Evidence from Contextual Behavioral Science indicates that two patterns of relating facilitate a sense of self, namely, self-as-distinction and self-as-hierarchy. Although the latter has been associated with better mental health outcomes relative to self-as-distinction, to date these types of relating have not been examined directly at a baseline level, wherein manipulation has not occurred. The present study examined the relative contribution of self-as-distinction and self-as- hierarchy on depression, stress, and anxiety in a sample of 102 young people, while controlling for deictic ability and gender. The role of psychological flexibility was also examined using mediation analysis. While self-as-hierarchy emerged as a significant predictor of lower levels of stress and depression, psychological flexibility was not found to mediate this relationship. Self- as-distinction did not emerge as a significant predictor of any outcome variable. Suggestions for future research on the basis of these findings are discussed.

Ong, C. W., Lee, E. B., Krafft, J., Terry, C. L., Barrett, T. S., Levin, M. E., & Twohig, M. P. (2019). A randomized controlled trial of acceptance and commitment therapy for clinical perfectionism. Journal of Obsessive-Compulsive and Related Disorders.
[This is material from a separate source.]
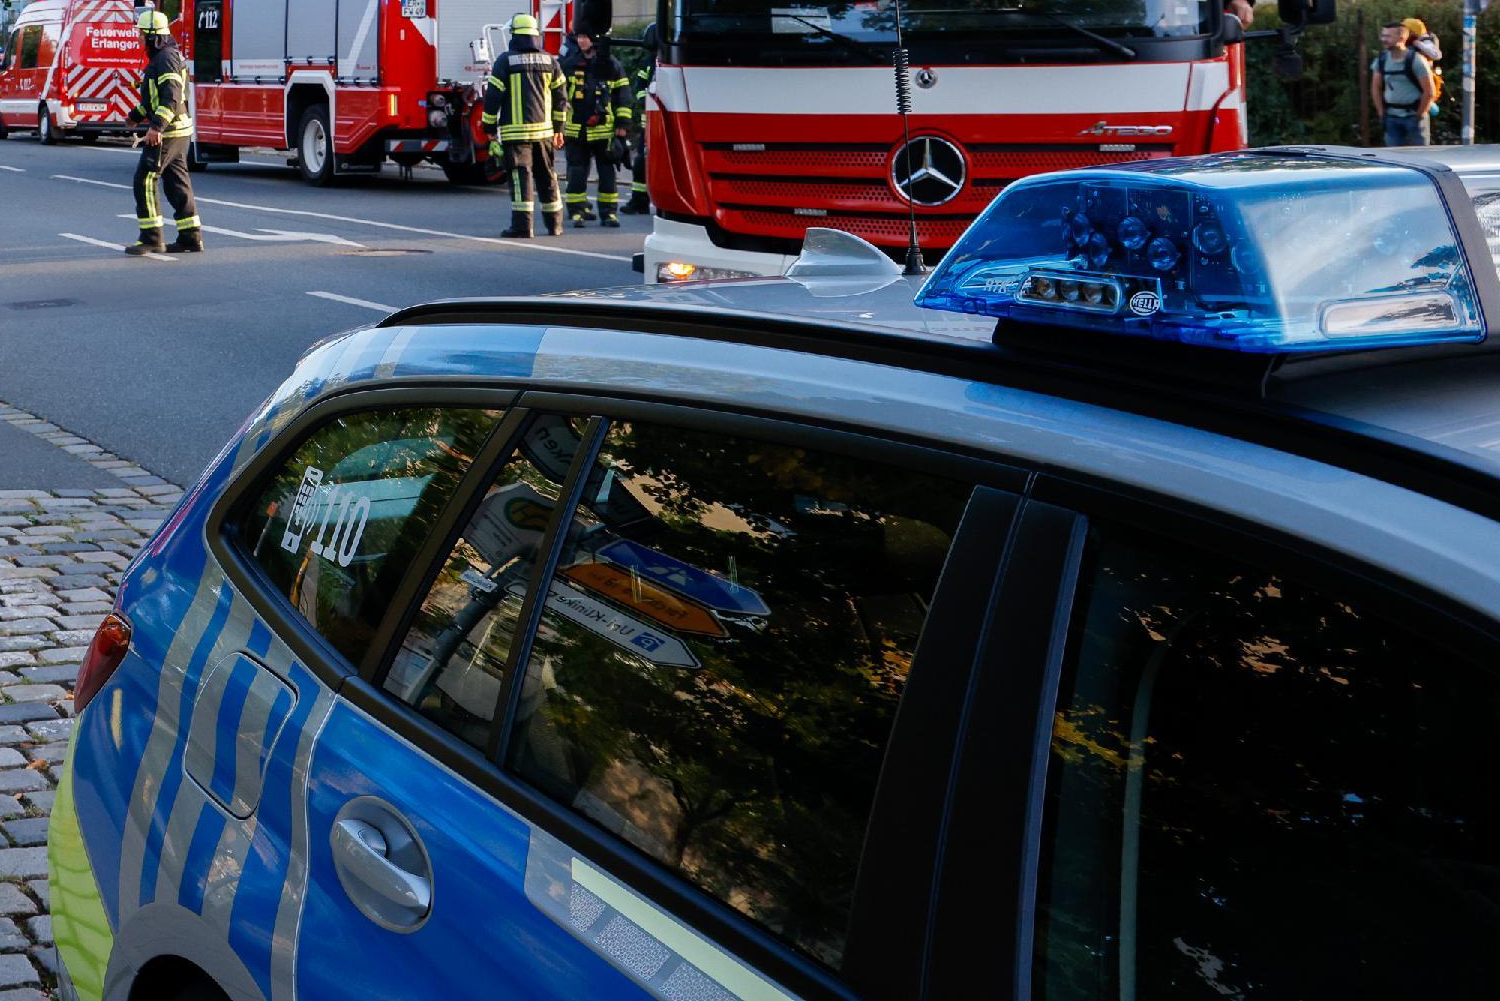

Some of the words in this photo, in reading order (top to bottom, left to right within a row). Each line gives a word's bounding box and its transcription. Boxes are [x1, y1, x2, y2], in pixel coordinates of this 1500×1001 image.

Clinical perfectionism is characterized by imposing excessively high standards on oneself and experiencing severe distress when standards are not met. It has been found to contribute to the development and maintenance of various clinical presentations including anxiety, obsessive- compulsive, and eating disorders. The present study tested the efficacy of ten weekly individual sessions of acceptance and commitment therapy (ACT) relative to a waitlist control on clinical perfectionism and global outcomes among 53 individuals with clinical perfectionism. ACT is a process-based therapy that targets maladaptive underlying processes (e.g., rigid adherence to unrealistic high standards) rather than symptom topography (e.g., anxiety, depression). Participants completed assessments at pretreatment, posttreatment, and one-month follow-up. Results indicated compared to the waitlist condition, the ACT condition led to greater improvements in clinical perfectionism as well as outcomes related to wellbeing, functional impairment, distress, and processes of change. Our study suggests targeting core dysfunctional processes (i.e., clinical perfectionism) rather than symptom topography with treatments like ACT is feasible and efficacious, supporting a shift from symptom-focused to process-based care. We also note potential weaknesses in our treatment protocol and study methodology that should be addressed in future research. Study limitations included a small sample size and high dropout rate (35.7%).